Burkina Faso: Elections du 22 novembre 2020 - Le CGD plaide pour des élections apaisées

16 Septembre 2020

Le Centre pour la gouvernance démocratique (CGD) en collaboration avec le Programme des Nations unies pour le développement (PNUD) a organisé, le mardi 15 septembre 2020, à Ouagadougou, une conférence publique pour des élections inclusives et transparentes en novembre prochain.

A deux mois des élections couplées présidentielle et législatives du Burkina Faso, le Centre pour la gouvernance démocratique (CGD) veut jouer le rôle de veille et de sensibilisation des acteurs politiques pour des élections apaisées, transparentes et inclusives au soir du 22 novembre 2020.

Pour ce faire, le CGD, en partenariat avec le PNUD, a organisé un dialogue démocratique, le mardi 15 septembre 2020, à Ouagadougou, sous le thème : « Les élections en contexte de crise sécuritaire : comment relever les défis de l'inclusion et de la transparence ? ». C'est à l'occasion de la Journée internationale de la démocratie.

Cette rencontre, selon les panélistes, a pour but de sensibiliser les populations et d'interpeller les acteurs que sont les partis politiques, la société civile, les structures intervenant dans le processus électoral et les médias à jouer pleinement leur rôle pour des élections libres, transparentes et inclusives lors des prochains scrutins.

Pour le professeur Augustin Loada, les élections constituent un critère essentiel dans la consolidation de la démocratie. Mais, elles n'épuisent pas toutes les problématiques de la construction démocratique.

« Les élections, ce n'est pas seulement désigner des gouvernants. Elles ont d'autres fonctions plus importantes, les fonctions d'imputabilité, de redevabilité », a-t-il précisé. Les élections doivent être un moyen d'évaluation de la gestion des affaires publiques. Pour ce faire, l'éducation démocratique doit être assurée par tous les acteurs.

« Il faut expliquer au peuple que les élections sont aussi un moyen de sanctionner les dirigeants à qui il a donné sa confiance.
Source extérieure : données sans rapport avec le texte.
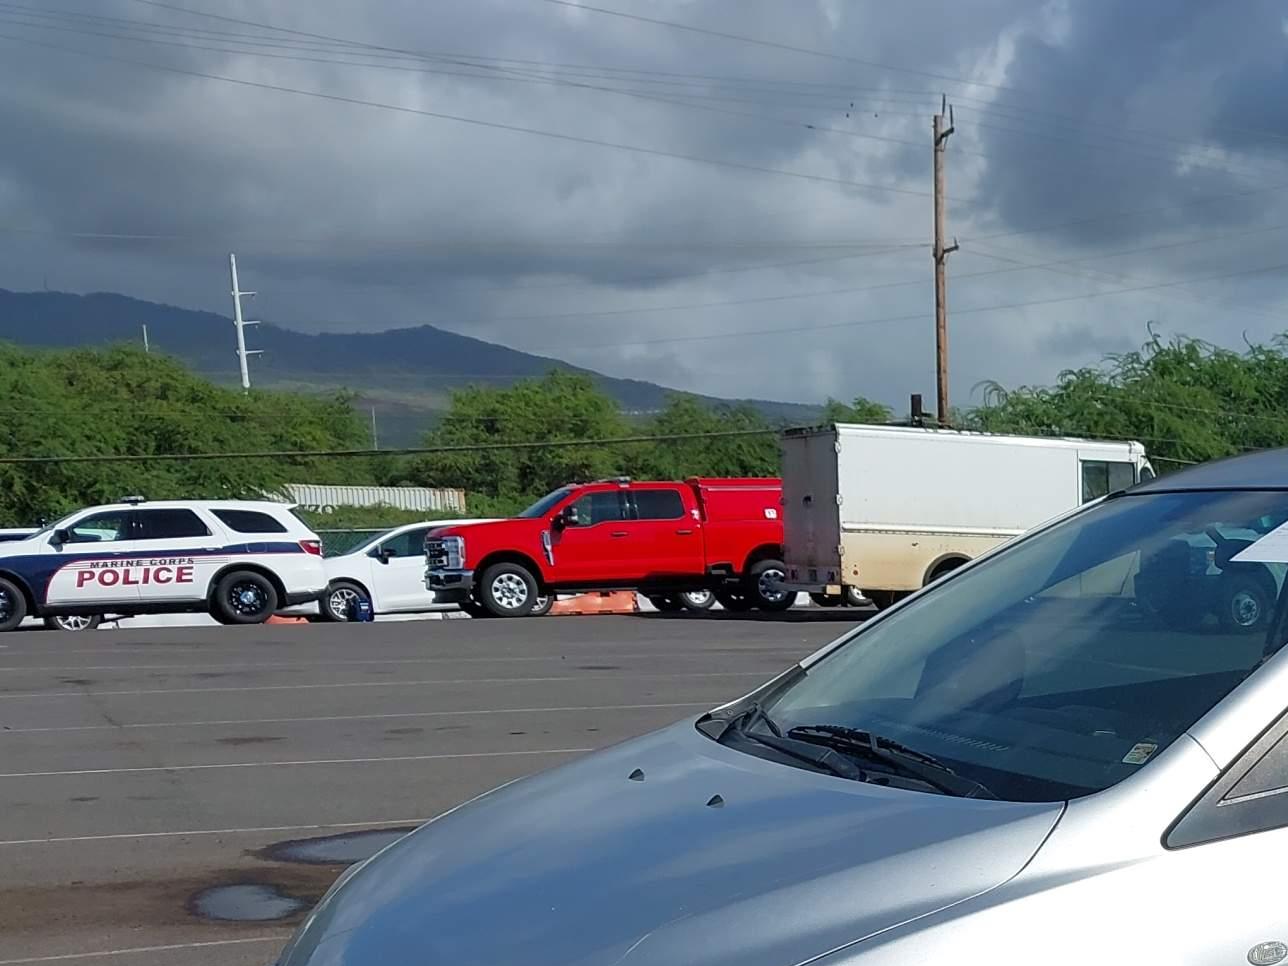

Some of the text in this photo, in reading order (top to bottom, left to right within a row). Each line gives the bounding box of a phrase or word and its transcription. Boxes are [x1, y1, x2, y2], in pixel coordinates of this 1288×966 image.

Si le peuple est satisfait de la manière dont le pouvoir a été exercé, il doit les reconduire.

Mais s'il n'est pas satisfait, il doivent les sanctionner et les remplacer par une autre équipe », a martelé le Pr Loada.

Les élections, pour participer à la consolidation démocratique, a-t-il poursuivi, doivent remplir un certain nombre de propriétés et il s'agit d'élections concurrentielles, pluralistes autour d'un projet et reflétant la volonté du peuple.

Assurer l'égalité de chances

Quant au député de la majorité Ousseyni Tamboura, la CENI, le Parlement, le cadre de dialogue politique et le gouvernement sont pour le maintien des élections au regard des enjeux. C'est ce qui a, selon lui, justifié la modification du Code électoral. « Ce sont surtout les articles 148 et 155 qui ont été modifiés », a-t-il précisé.

Et ces articles prévoient qu'en cas de force majeure et de circonstance exceptionnelle, seuls les résultats des scrutins issus des zones indemnes seront pris en compte. « Il est quasi évident que la CENI ne va pas se déployer dans toutes les communes et il y aura des communes où il n'y aura pas de vote », a-t-il déploré.

Abordant la question des déplacés internes, l'honorable Tamboura a tenu à préciser qu'ils voteront pour leurs communes d'accueil.

Ce qui pose particulièrement des problèmes pour les élections municipales et législatives. Néanmoins un plan de sécurisation s'avère, selon le parlementaire, nécessaire pour le bon déroulement des élections.

Lequel plan, aux dires du député, figure dans les six recommandations faites à l'exécutif. Le professeur Djihina Ouédraogo s'est, quant à lui, appesanti sur la responsabilité des structures chargées d'encadrer le jeu électoral, à savoir le Conseil constitutionnel, la Commission électorale et le Conseil supérieur de la communication.

Mais le Conseil constitutionnel est le plus déterminant au regard de son rôle prépondérant dans le processus, a relevé le professeur de droit.

« L'article131 de la Constitution stipule que le juge constitutionnel prend toutes les dispositions pour assurer l'égalité de chances », a-t-il déclaré.

L'universitaire a, en outre, demandé une reconsidération du parrainage et du financement des campagnes électorales pour un équilibre de jeu entre les candidats.